You may recall that the company, which is widely known for its help desk software, made the move to CRM when it acquired Base in September 2018. A little later that year, it announced the Sunshine platform, which customers could use to build applications on top of the Zendesk platform.

It has been working to integrate the CRM tool more broadly into the platform, and today’s announcement is about giving Zendesk users a broader view of its customers. Zendesk has a great amount of data at its disposal about the customer’s likes and dislikes based on interactions with the help desk side of the house, and Zendesk CEO Mikkel Svane sees the two sides being interconnected. At the same time, he’s embracing the idea of this all taking place in the public cloud on AWS.

“Our vision is really to have all the components, all the infrastructure, all the business logic that you need to build a customer experience, and customer relationship management applications, all on the Sunshine platform, all living natively on AWS,” Svane told TechCrunch.

All of this is in service of giving customers a better experience based on what you know about them. He said that the goal today is to retain and satisfy the customer, and the platform is designed to give them the data they need to help do that.

“In the old days, you went out and you bought a product, and that was kind of the end of the transaction. Today, through the convenience economy, through the subscription economy, it’s more about your long-term engagement with a vendor,” he explained.

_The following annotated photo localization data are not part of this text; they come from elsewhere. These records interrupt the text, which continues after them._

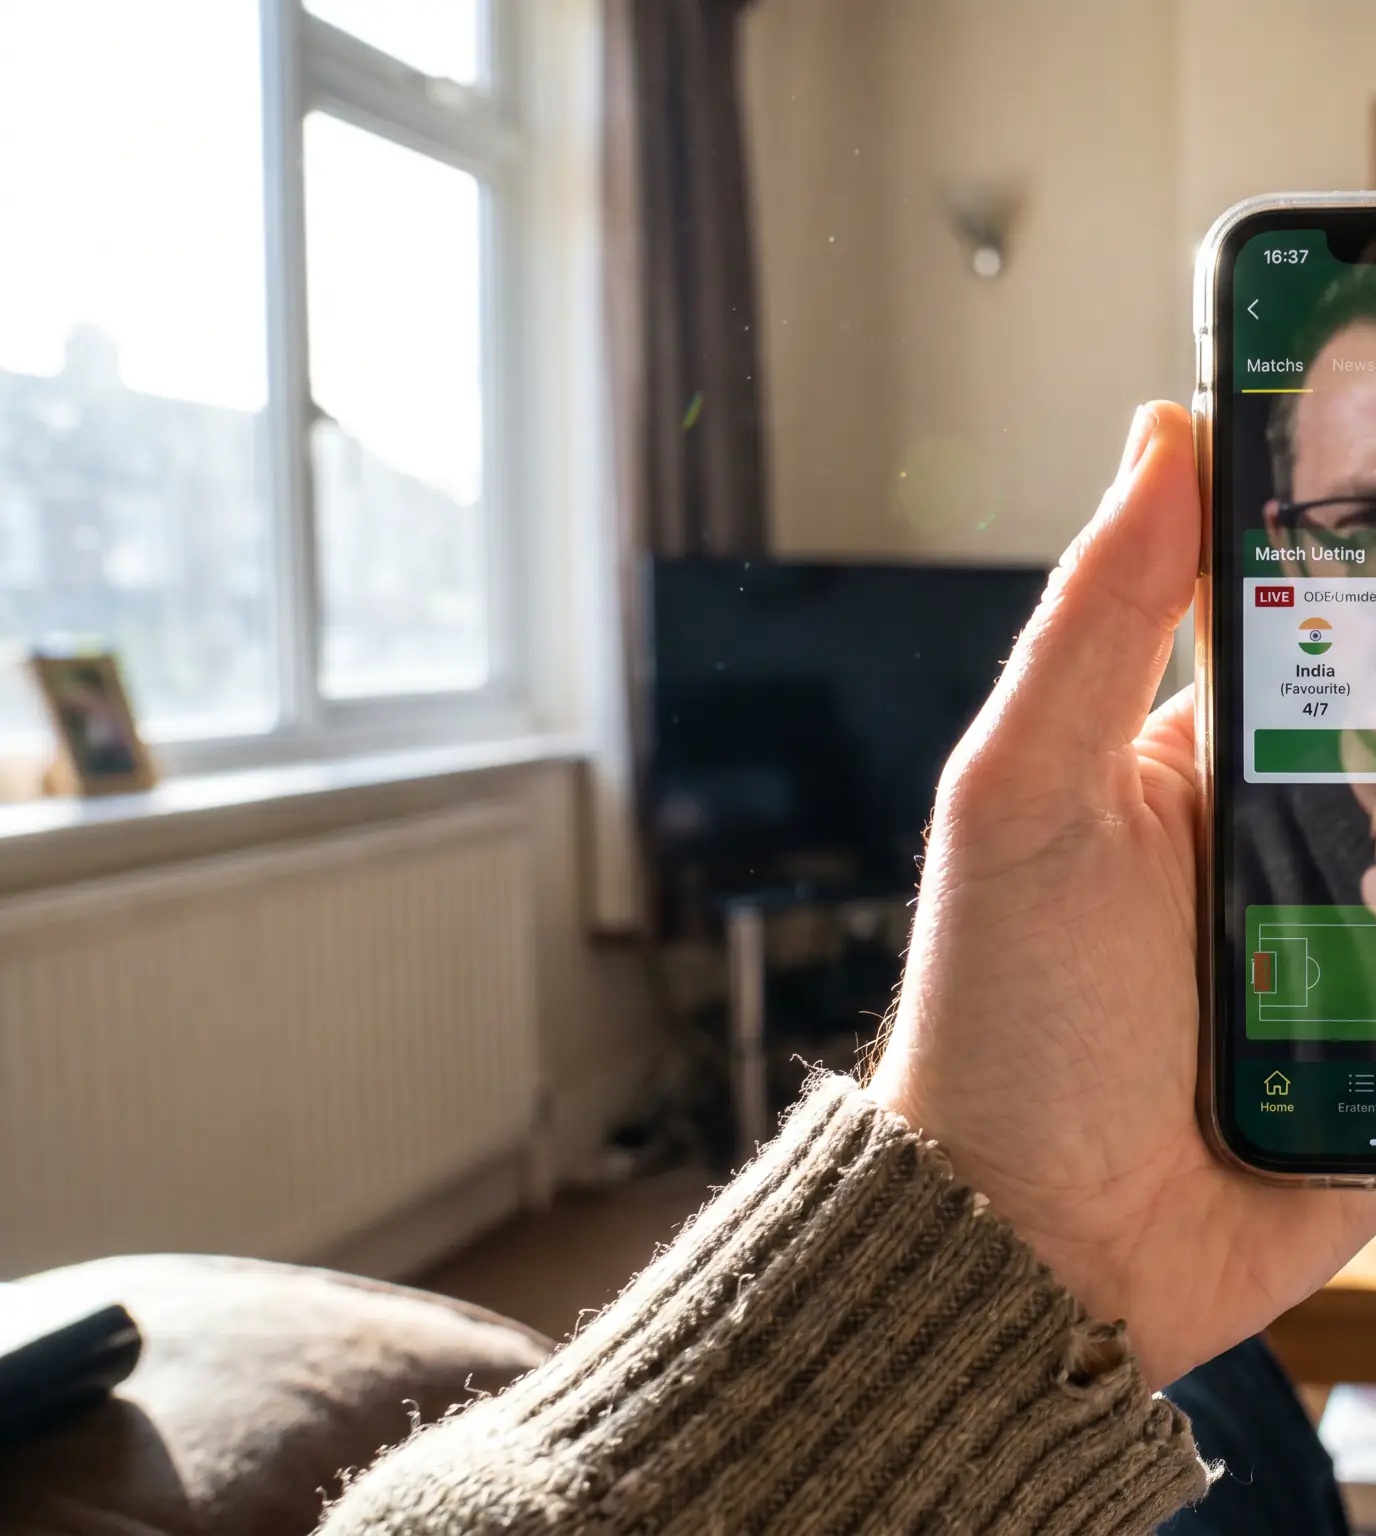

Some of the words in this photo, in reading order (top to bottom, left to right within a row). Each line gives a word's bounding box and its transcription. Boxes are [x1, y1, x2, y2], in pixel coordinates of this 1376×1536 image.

[1263, 250, 1308, 265] 16:37
[1247, 358, 1303, 372] Matchs
[1332, 358, 1375, 372] News
[1255, 547, 1306, 562] Match
[1311, 547, 1366, 565] Ueting
[1260, 592, 1289, 603] LIVE
[1296, 664, 1335, 677] India
[1280, 683, 1351, 697] (Favourite)
[1302, 702, 1328, 717] 4/7
[1261, 1102, 1294, 1113] Home

He sees the platform helping pull all of this data together, while recognizing and acknowledging the challenges involved here. In fact, he is reluctant to call it a complete picture, calling that a false narrative other vendors are putting out.

“We do want to help our customers extract all the relevant information and to try and create a picture that is helpful across all these different channels, but we also know that the reality of it is that you have so many disparate systems right now,” he said.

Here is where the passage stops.